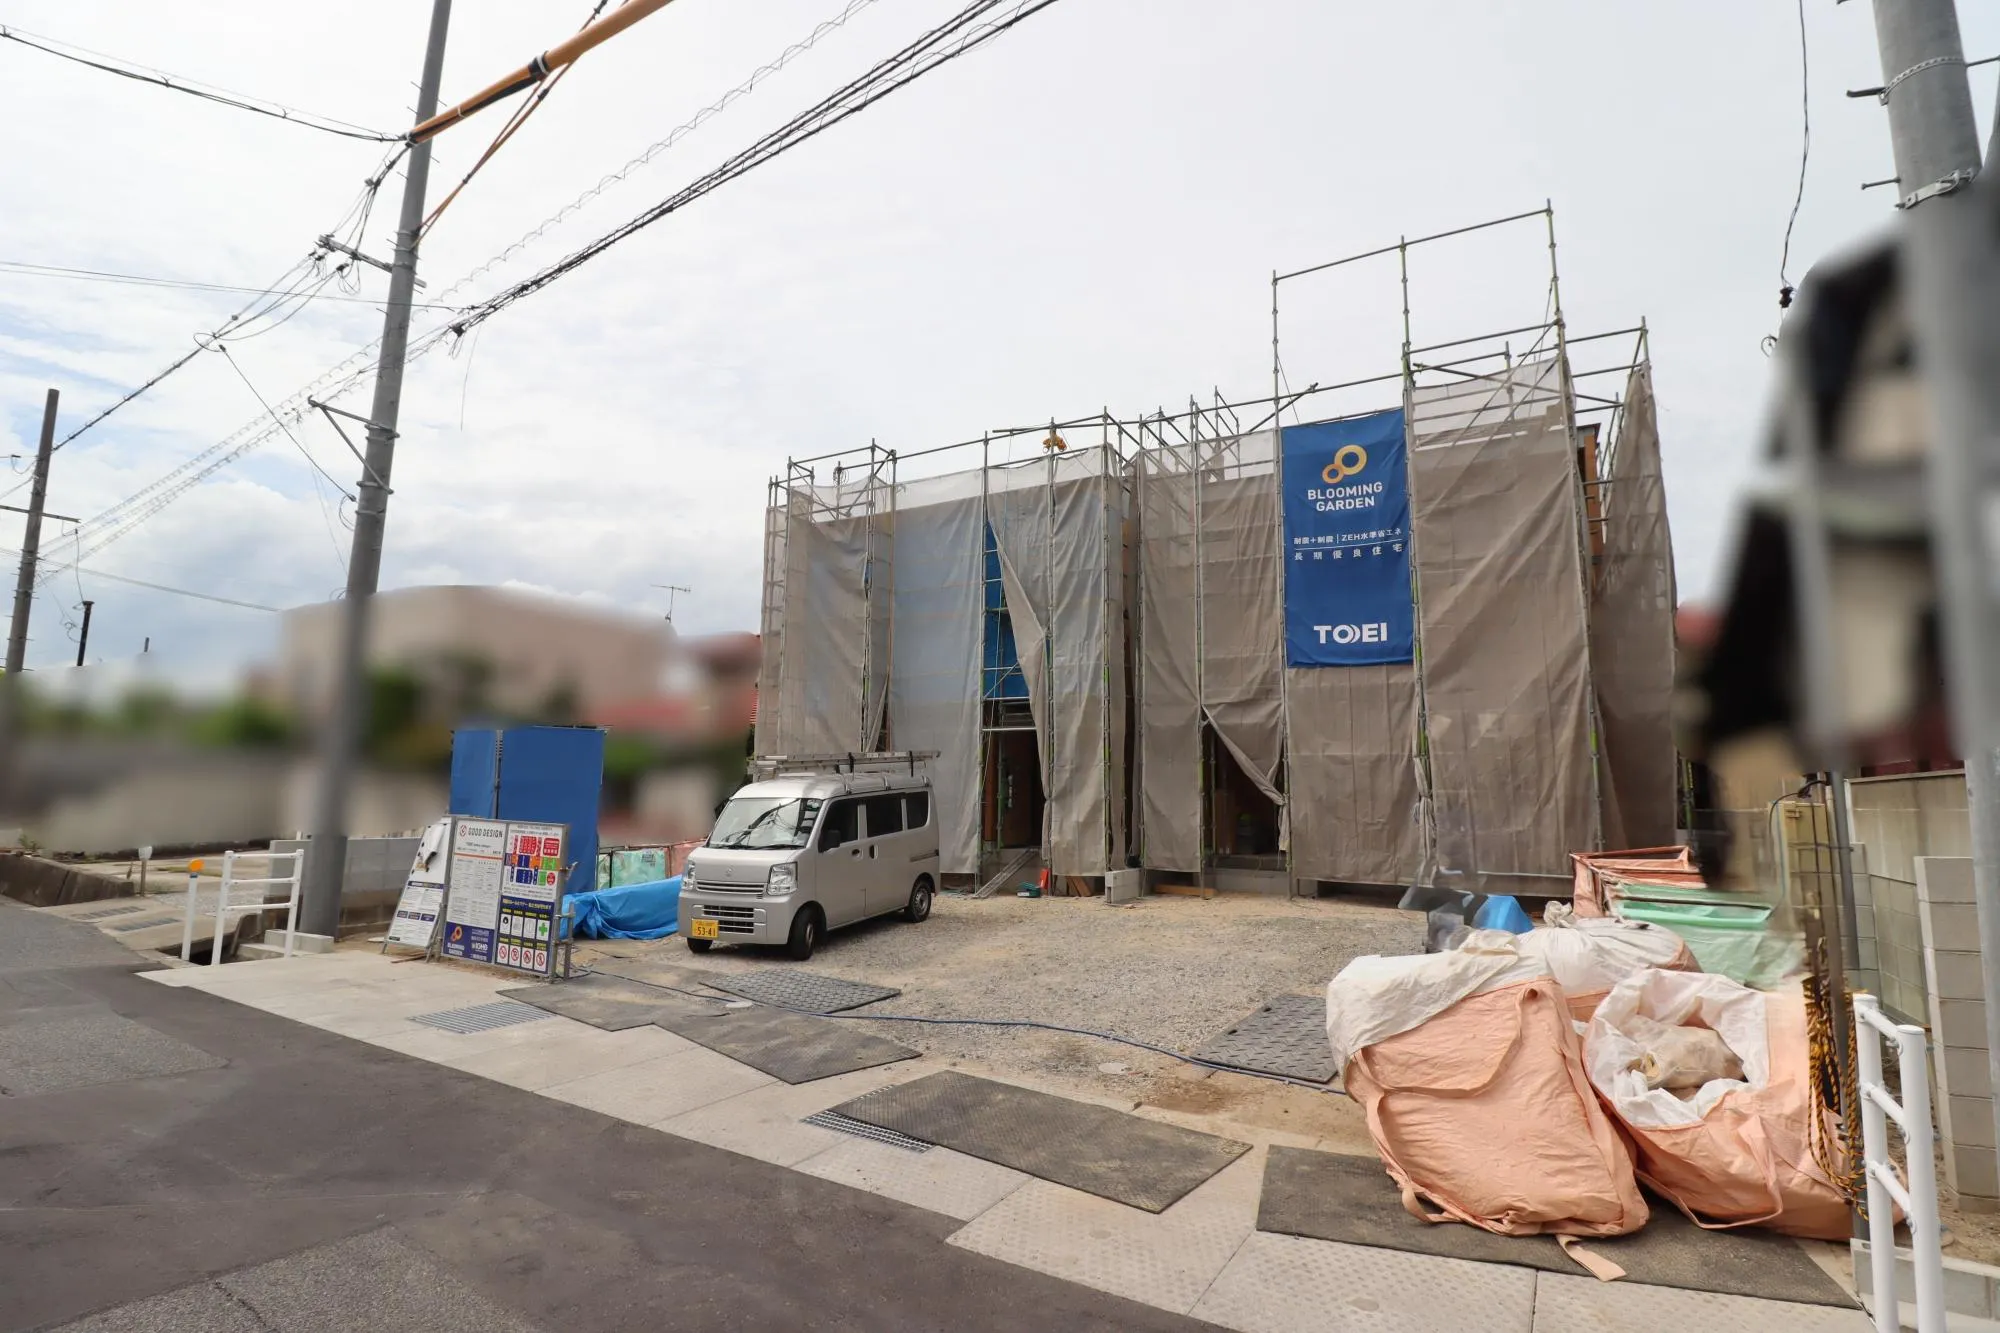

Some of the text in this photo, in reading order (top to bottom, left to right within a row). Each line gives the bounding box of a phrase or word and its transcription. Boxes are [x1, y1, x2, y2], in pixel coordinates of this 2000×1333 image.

[1308, 482, 1383, 500] BLOOMING
[1316, 496, 1375, 512] GARDEN
[468, 827, 482, 837] GOOD
[482, 828, 503, 838] DESIGN
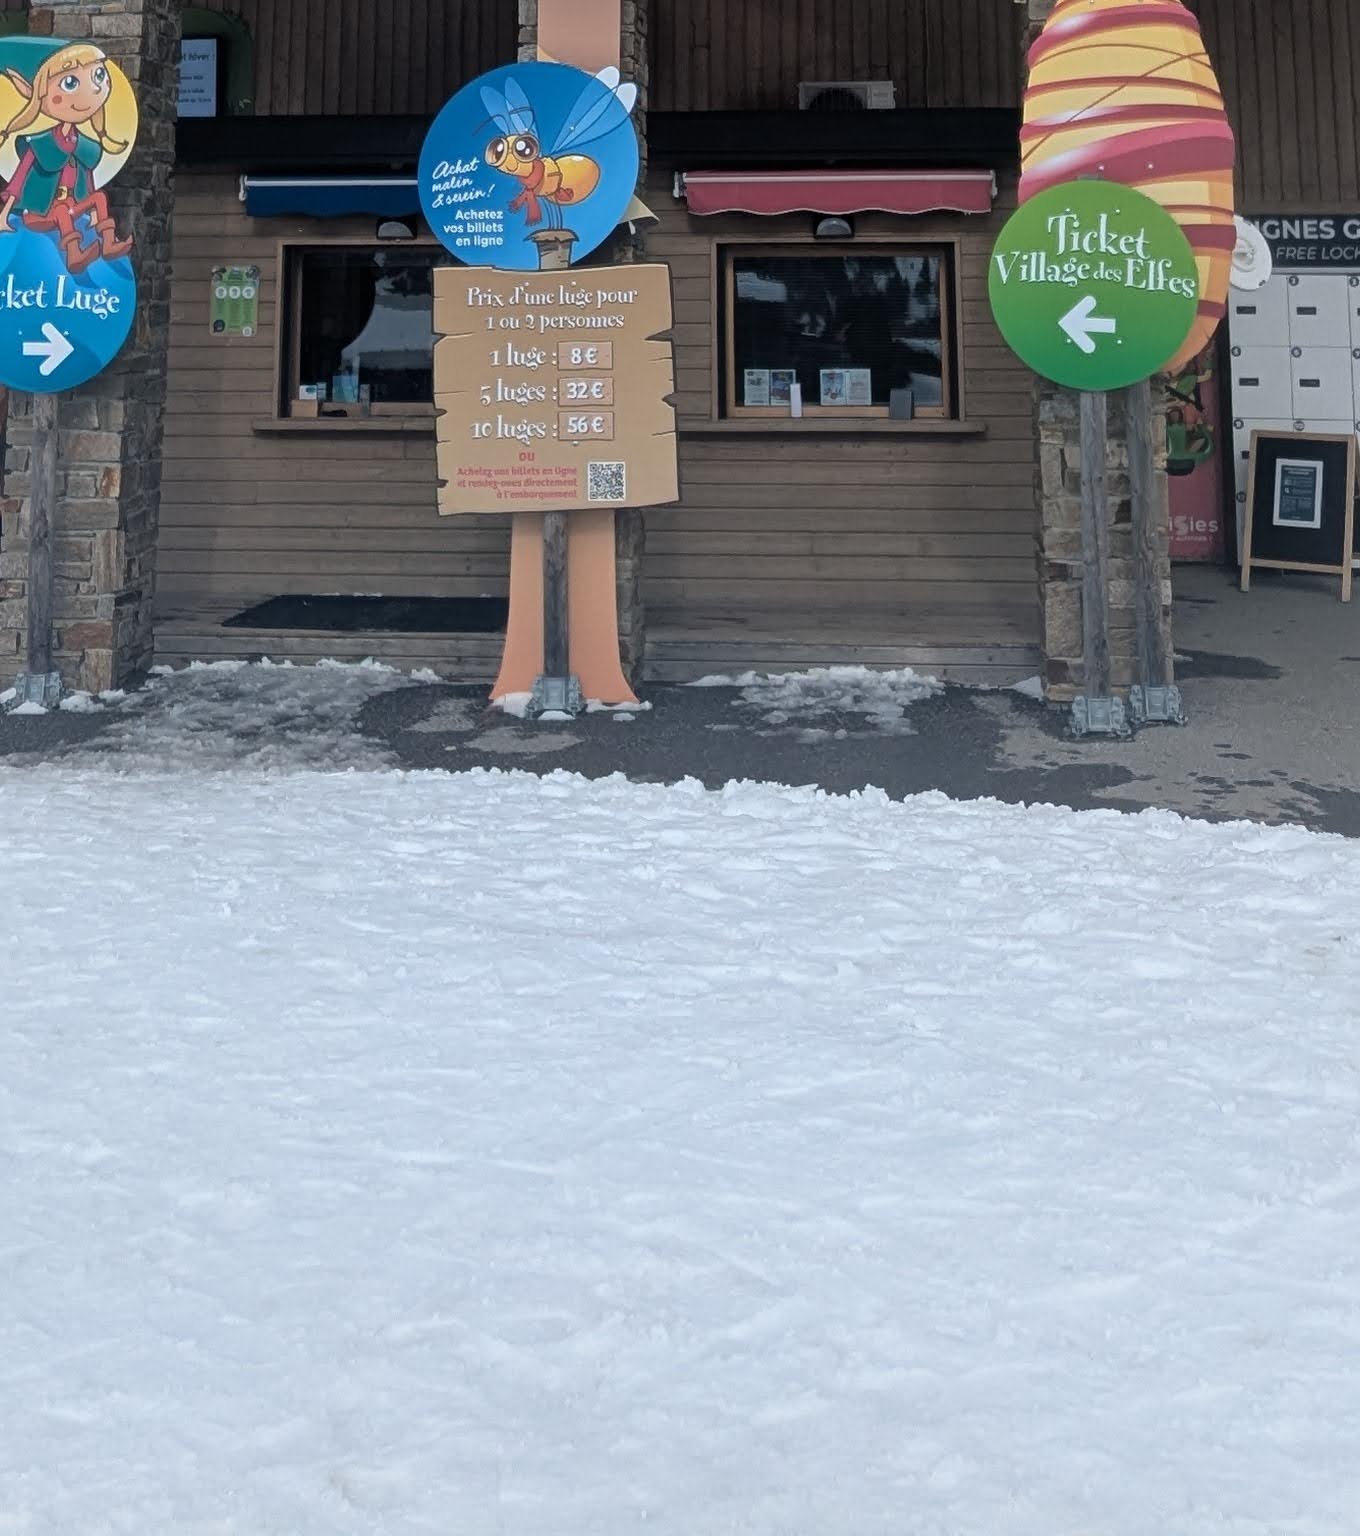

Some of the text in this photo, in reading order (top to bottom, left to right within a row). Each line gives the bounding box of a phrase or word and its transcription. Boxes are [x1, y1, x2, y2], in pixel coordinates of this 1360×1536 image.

[432, 157, 480, 180] Achat
[432, 176, 473, 192] malin
[455, 209, 504, 221] Achetez
[443, 222, 504, 234] vos billets
[1047, 212, 1151, 260] Ticket
[455, 235, 504, 248] en ligne
[1275, 246, 1317, 261] FREE
[995, 250, 1196, 299] Village des Elfes
[56, 274, 121, 320] Luge
[467, 286, 505, 307] Prix
[559, 285, 593, 309] luge
[597, 289, 638, 309] pour
[487, 314, 625, 334] 1 ou 2 personnes
[490, 350, 501, 366] 1
[506, 343, 546, 370] luge
[480, 384, 492, 406] 5
[496, 378, 547, 406] luges
[471, 422, 493, 439] 10
[496, 415, 547, 444] luges
[511, 467, 540, 476] billets
[555, 467, 577, 477] ligne
[524, 478, 578, 487] directement
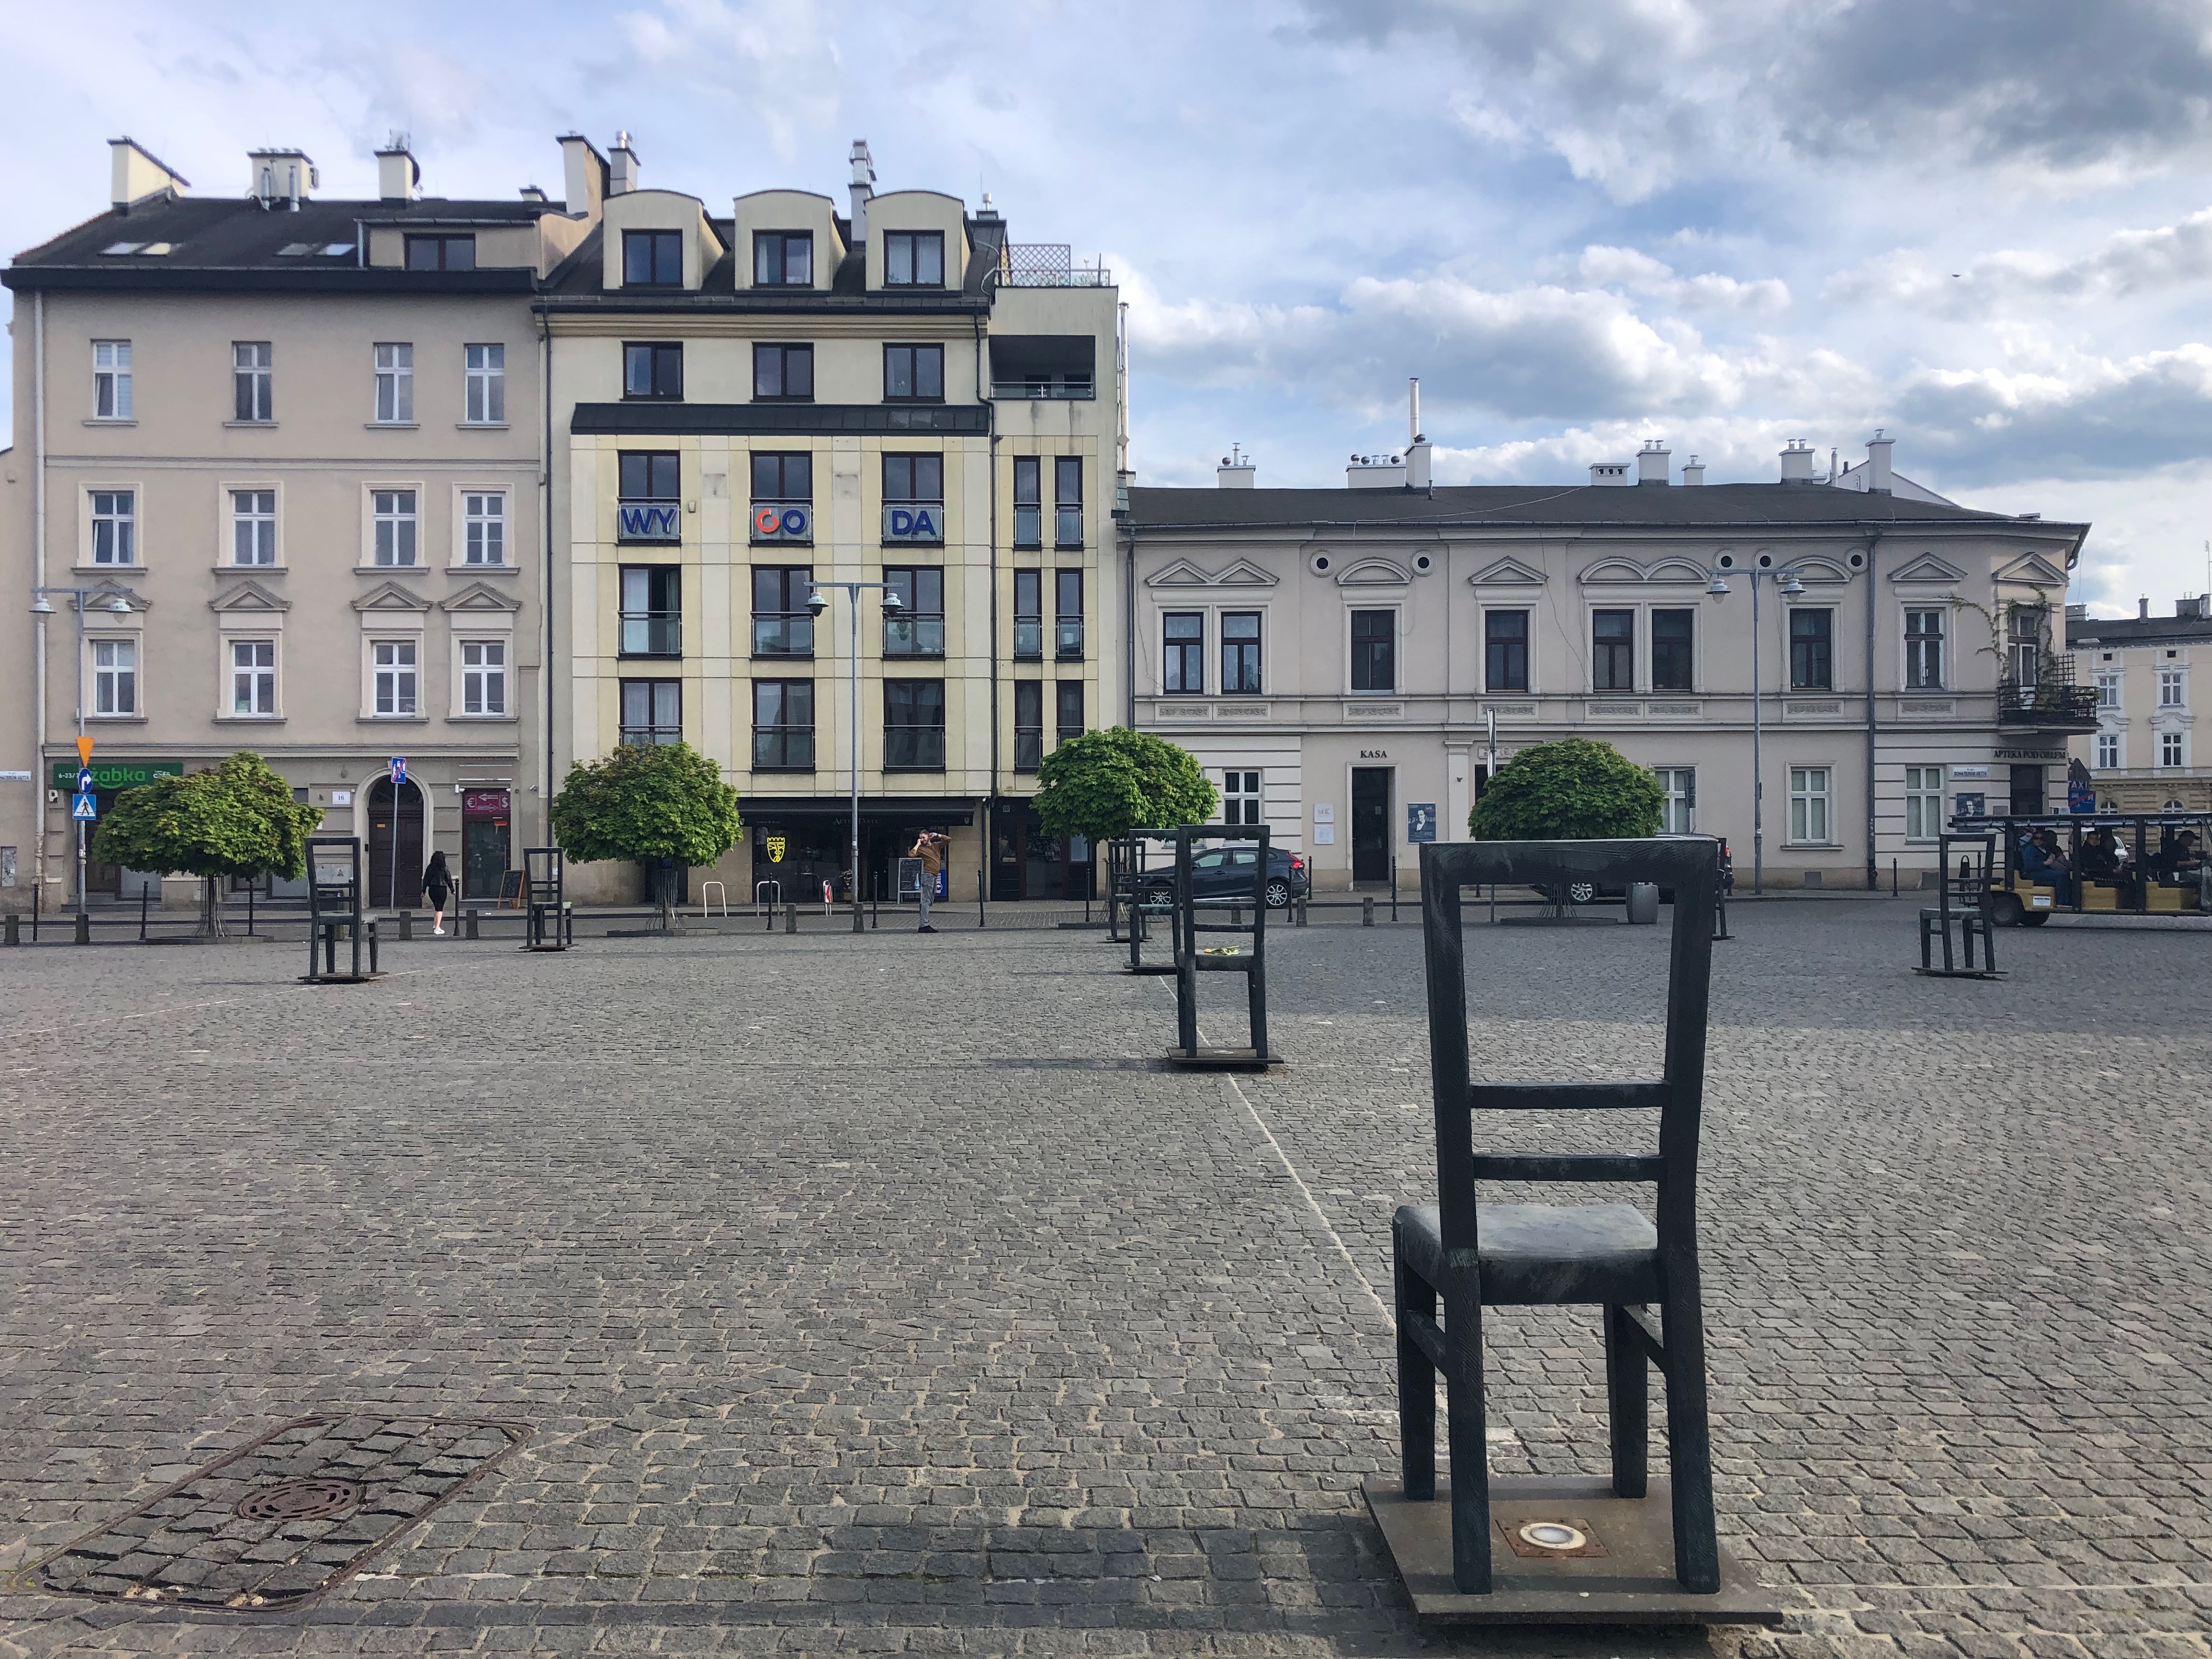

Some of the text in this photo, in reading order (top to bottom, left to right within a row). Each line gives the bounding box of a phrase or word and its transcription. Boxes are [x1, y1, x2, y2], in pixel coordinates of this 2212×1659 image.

[621, 509, 675, 534] WY
[892, 510, 936, 535] DA
[1361, 750, 1387, 758] KASA
[92, 768, 146, 782] żabka
[2068, 781, 2087, 789] TAXI

·····

Assignment> Your answer must be an exact copy of the records, with every picture left out.

Answer to the problem>
Some of the text in this photo, in reading order (top to bottom, left to right within a row). Each line gives the bounding box of a phrase or word and its transcription. Boxes are [x1, y1, x2, y2], in pixel coordinates of this 2000×1333 image.

[1308, 482, 1383, 500] BLOOMING
[1316, 496, 1375, 512] GARDEN
[468, 827, 482, 837] GOOD
[482, 828, 503, 838] DESIGN

Some of the text in this photo, in reading order (top to bottom, left to right within a row). Each line gives the bounding box of a phrase or word and its transcription. Boxes are [x1, y1, x2, y2], in pixel coordinates of this 1360×1536 image.

[432, 157, 480, 180] Achat
[432, 176, 473, 192] malin
[455, 209, 504, 221] Achetez
[443, 222, 504, 234] vos billets
[1047, 212, 1151, 260] Ticket
[455, 235, 504, 248] en ligne
[1275, 246, 1317, 261] FREE
[995, 250, 1196, 299] Village des Elfes
[56, 274, 121, 320] Luge
[467, 286, 505, 307] Prix
[559, 285, 593, 309] luge
[597, 289, 638, 309] pour
[487, 314, 625, 334] 1 ou 2 personnes
[490, 350, 501, 366] 1
[506, 343, 546, 370] luge
[480, 384, 492, 406] 5
[496, 378, 547, 406] luges
[471, 422, 493, 439] 10
[496, 415, 547, 444] luges
[511, 467, 540, 476] billets
[555, 467, 577, 477] ligne
[524, 478, 578, 487] directement

Some of the text in this photo, in reading order (top to bottom, left to right within a row). Each line gives the bounding box of a phrase or word and its transcription. Boxes are [x1, y1, x2, y2], in pixel coordinates of this 2212×1659 image.

[621, 509, 675, 534] WY
[892, 510, 936, 535] DA
[1361, 750, 1387, 758] KASA
[92, 768, 146, 782] żabka
[2068, 781, 2087, 789] TAXI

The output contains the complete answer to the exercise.